§ **Supplied information**

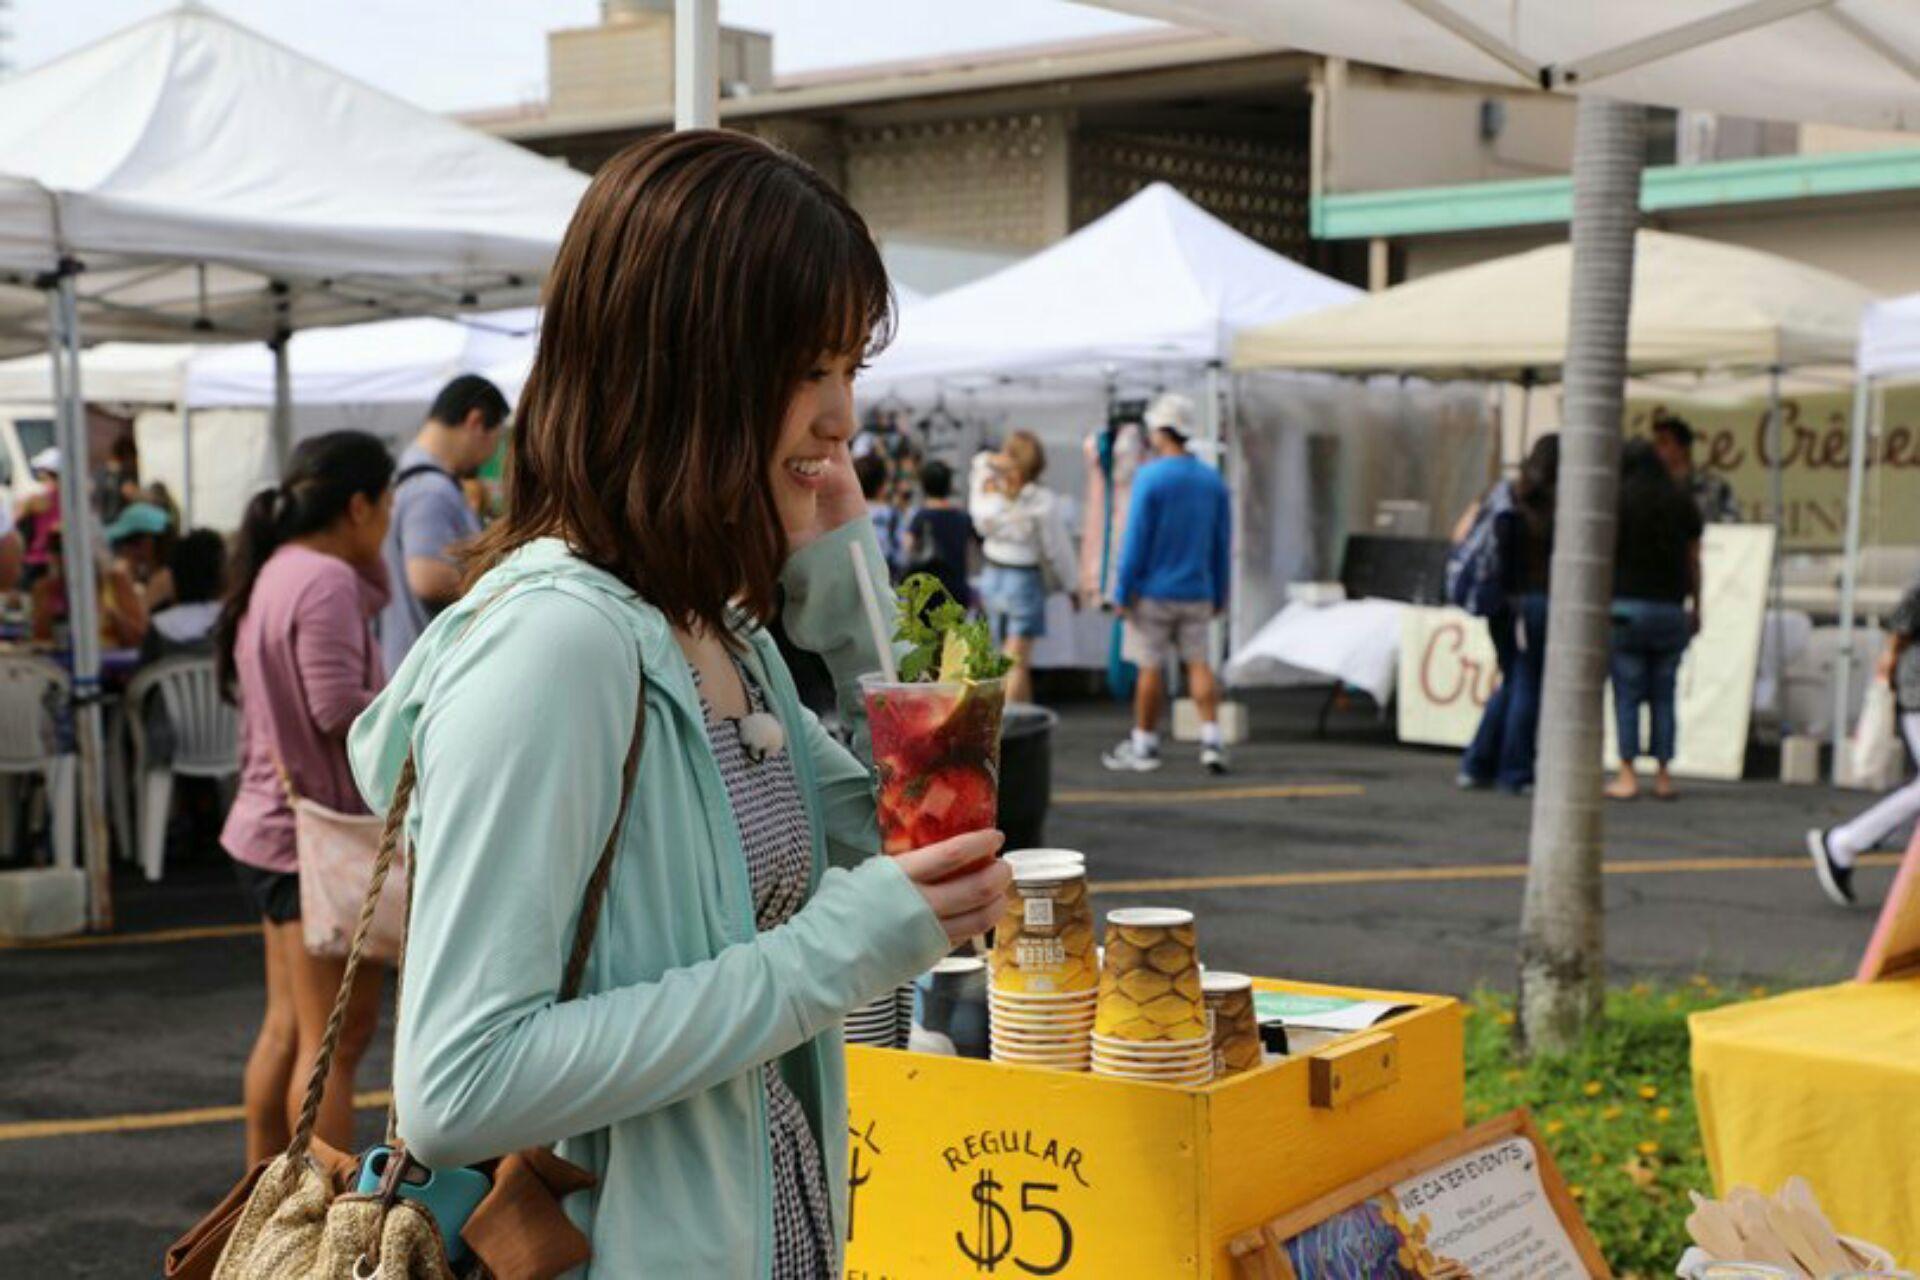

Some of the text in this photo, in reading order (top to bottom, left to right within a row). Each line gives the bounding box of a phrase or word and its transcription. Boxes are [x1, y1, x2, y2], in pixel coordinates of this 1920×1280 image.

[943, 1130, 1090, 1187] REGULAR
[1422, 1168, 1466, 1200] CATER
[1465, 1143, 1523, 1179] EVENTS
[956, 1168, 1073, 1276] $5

§ **Task prompt**
Each line of the data must be restated exactly, and the pictures must be left out.

§ **Result of the exercise**
Some of the text in this photo, in reading order (top to bottom, left to right within a row). Each line gives the bounding box of a phrase or word and its transcription. Boxes are [x1, y1, x2, y2], in pixel coordinates of this 1920×1280 image.

[943, 1130, 1090, 1187] REGULAR
[1422, 1168, 1466, 1200] CATER
[1465, 1143, 1523, 1179] EVENTS
[956, 1168, 1073, 1276] $5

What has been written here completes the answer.